The way MingW compiles it without optimization is, and this is a pretty standard way:
1. CMP EAX, [length]
2. JAE end_of_our_loop // if EAX is Above or Equal to [length], jump to the end of our loop
3. // stuff inside the loop
4. INC EAX // increment
5. JMP comparison // jump to the comparison at the beginning

So, if I take a look at my old printout from a random Cyrix x86 CPU, it indicates that even then the CMP opcode takes just 1 clock count, and the same goes for any kind of Jump opcode.

So here goes, if you look at the list of Jump opcodes, you’ll hit opcodes called JECXNZ, JZ, JNZ. These are opcodes that look at the zero flags, the first one looks at ECX specifically, and if the flag says something is zero, it will jump to wherever you want to go. The twist about these opcodes, is that by looking at the flags, you won’t have to use the CMP opcode.

Flags get updated to whatever register you either looked at or changed last. So when you do that increment of i, it will unset the Zero-flag to false and you’re ready to use a jump opcode that looks at that. However, incrementing something will not get you to zero. Decrementing something will. And since we don’t need i in the example given, we can turn things around.
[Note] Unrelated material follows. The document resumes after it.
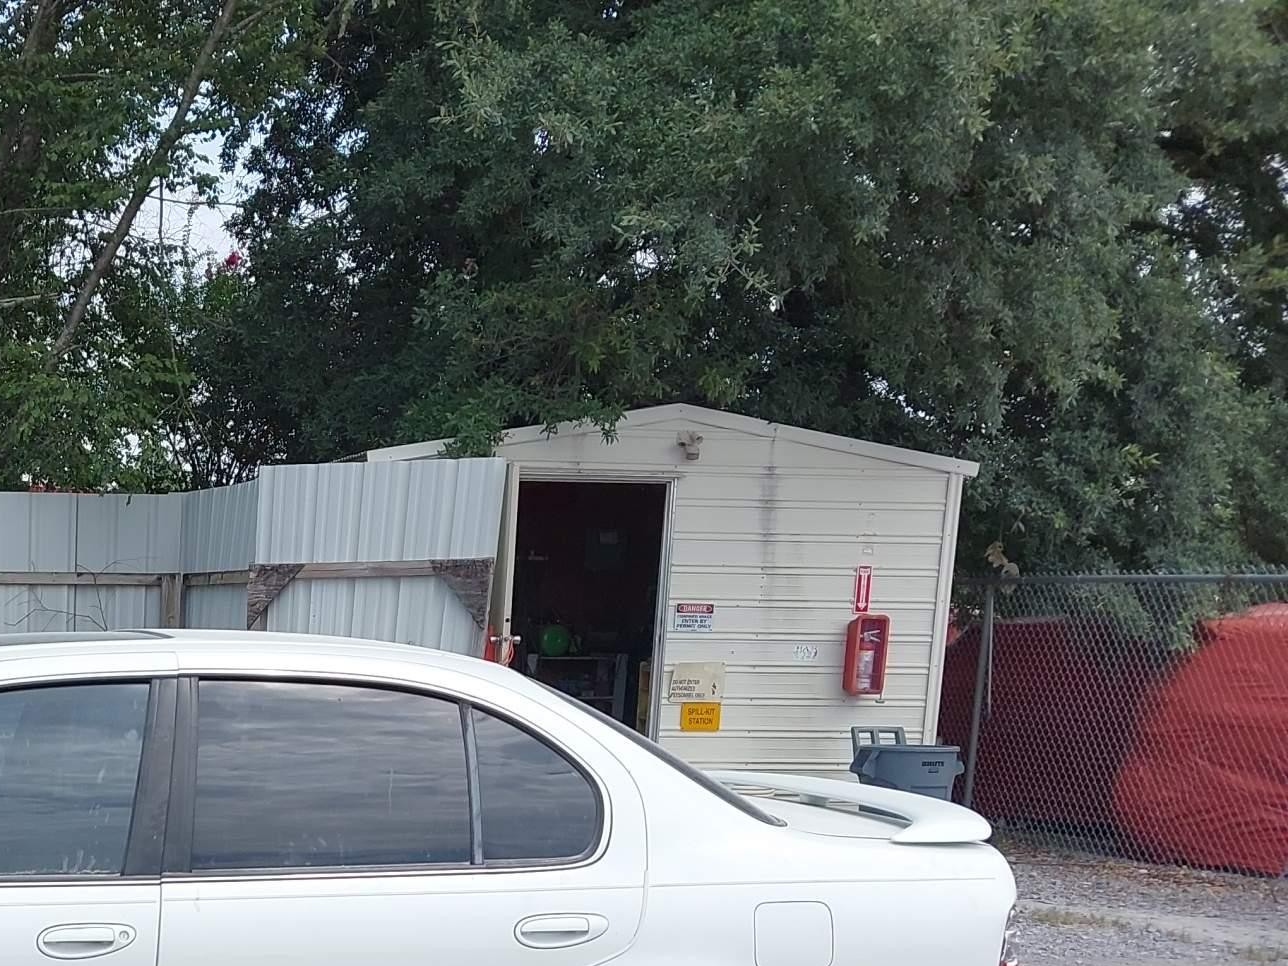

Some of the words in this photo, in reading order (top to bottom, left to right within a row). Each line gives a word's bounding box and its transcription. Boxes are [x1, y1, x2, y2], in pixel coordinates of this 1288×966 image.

   for ( unsigned int i = length - 1; i != 0; i-- ) {
      image[start] = color;
      start += width;
   }

My MingW compiler will compile that as something like this:

1. CMP EAX, 0   // compares EAX (i) to 0
2. JE end_of_loop   // if they were equal to eachother, go to the end
3. // stuff inside the loop
4. DEC EAX   // i--
5. JMP comparison

The reason this gets generated by default, is just because it’s probably a standardized way to compile it. If you did this by hand, and here comes the actual optimization, it will look something like this:

1. CMP EAX, 0   // check the precondition != 0 before we go into the loop
2. JE end_of_loop   // if already 0, exit immediately
3. // stuff inside the loop
4. DEC EAX   // i--
5. JNZ stuff_inside loop  // if i != 0 continue loop

As you can see, this loop is 2 opcodes shorter than the regular way, because it can jump right to the contents instead of the comparison. And it’s all because of the zero-flag.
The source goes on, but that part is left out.